**Your objective**. Leaving out every picture, output the records below exactly as they are.

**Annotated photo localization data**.
BEGIN
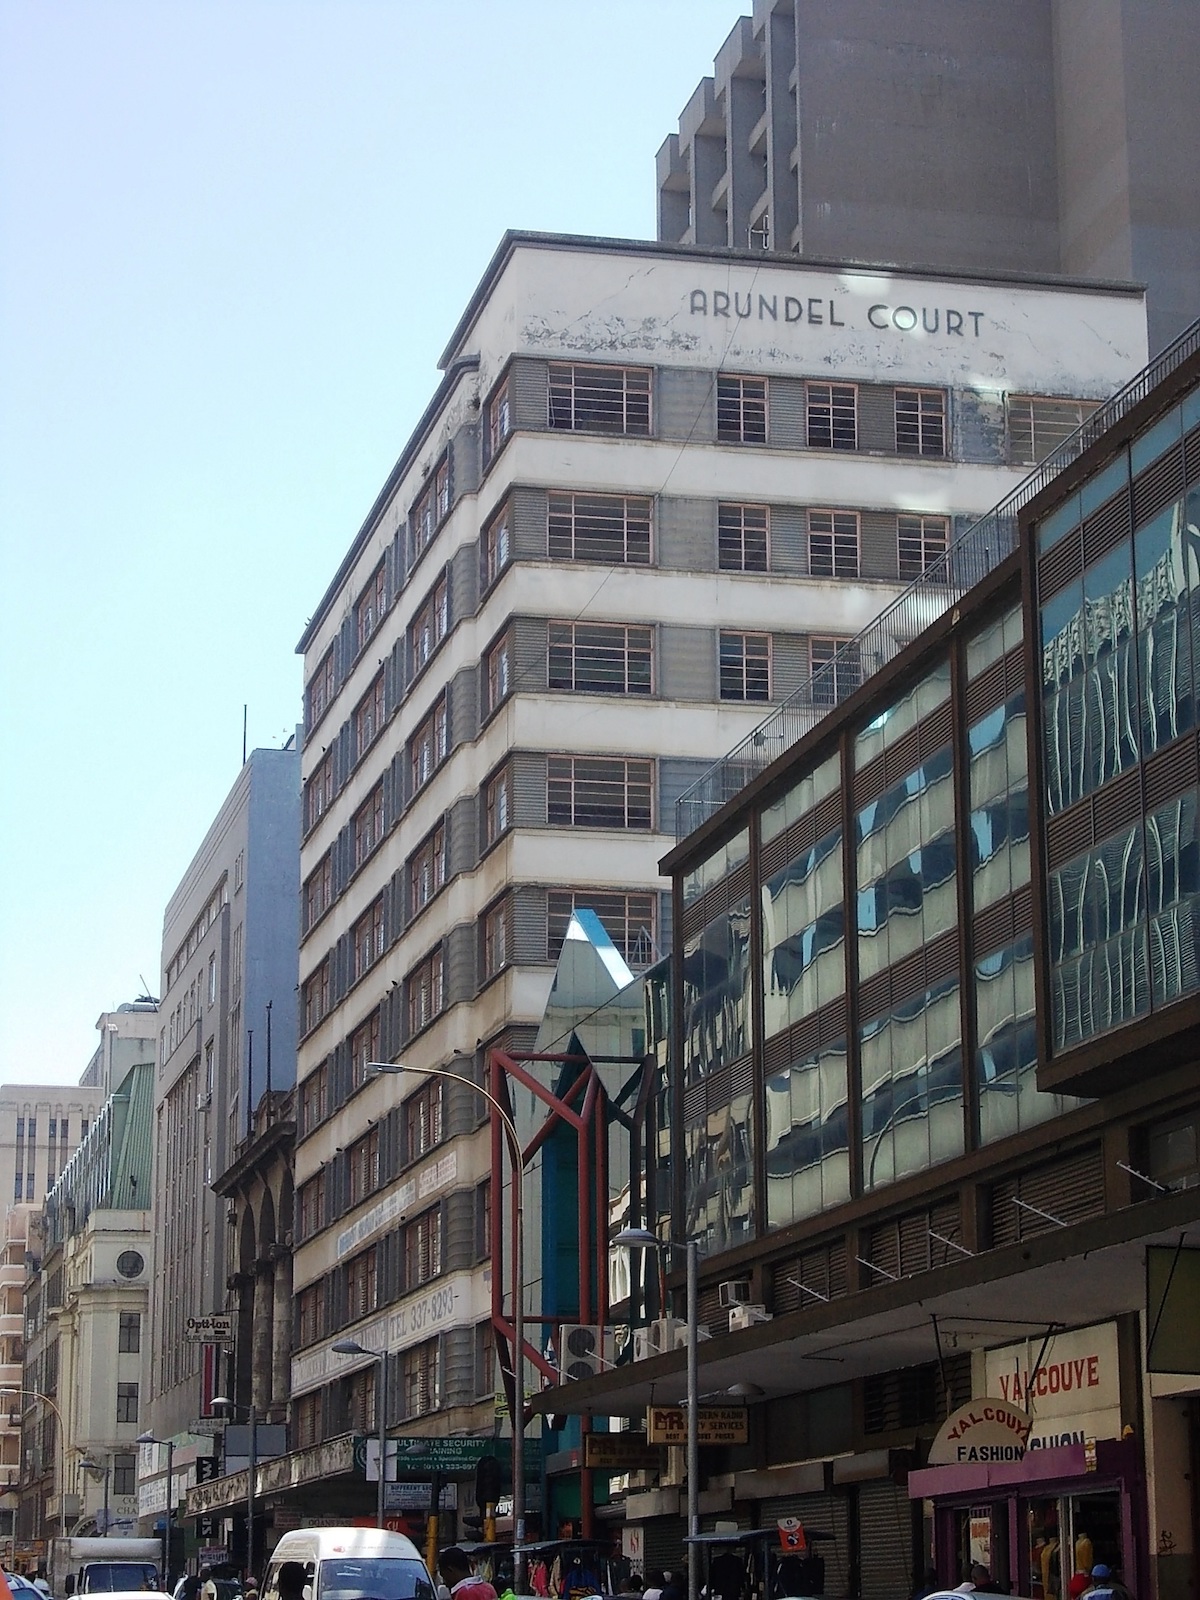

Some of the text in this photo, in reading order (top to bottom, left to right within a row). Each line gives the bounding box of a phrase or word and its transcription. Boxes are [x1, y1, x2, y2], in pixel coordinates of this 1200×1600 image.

[690, 289, 985, 337] ARUNDEL COURT
[390, 1285, 454, 1342] TEL 337-8293
[999, 1356, 1099, 1401] YALCOUYE
[710, 1422, 744, 1430] SERVICES
[443, 1439, 487, 1447] SECURITY
[957, 1446, 1024, 1461] FASHION
END
**Response area**.
Some of the text in this photo, in reading order (top to bottom, left to right within a row). Each line gives the bounding box of a phrase or word and its transcription. Boxes are [x1, y1, x2, y2], in pixel coordinates of this 1200×1600 image.

[690, 289, 985, 337] ARUNDEL COURT
[390, 1285, 454, 1342] TEL 337-8293
[999, 1356, 1099, 1401] YALCOUYE
[710, 1422, 744, 1430] SERVICES
[443, 1439, 487, 1447] SECURITY
[957, 1446, 1024, 1461] FASHION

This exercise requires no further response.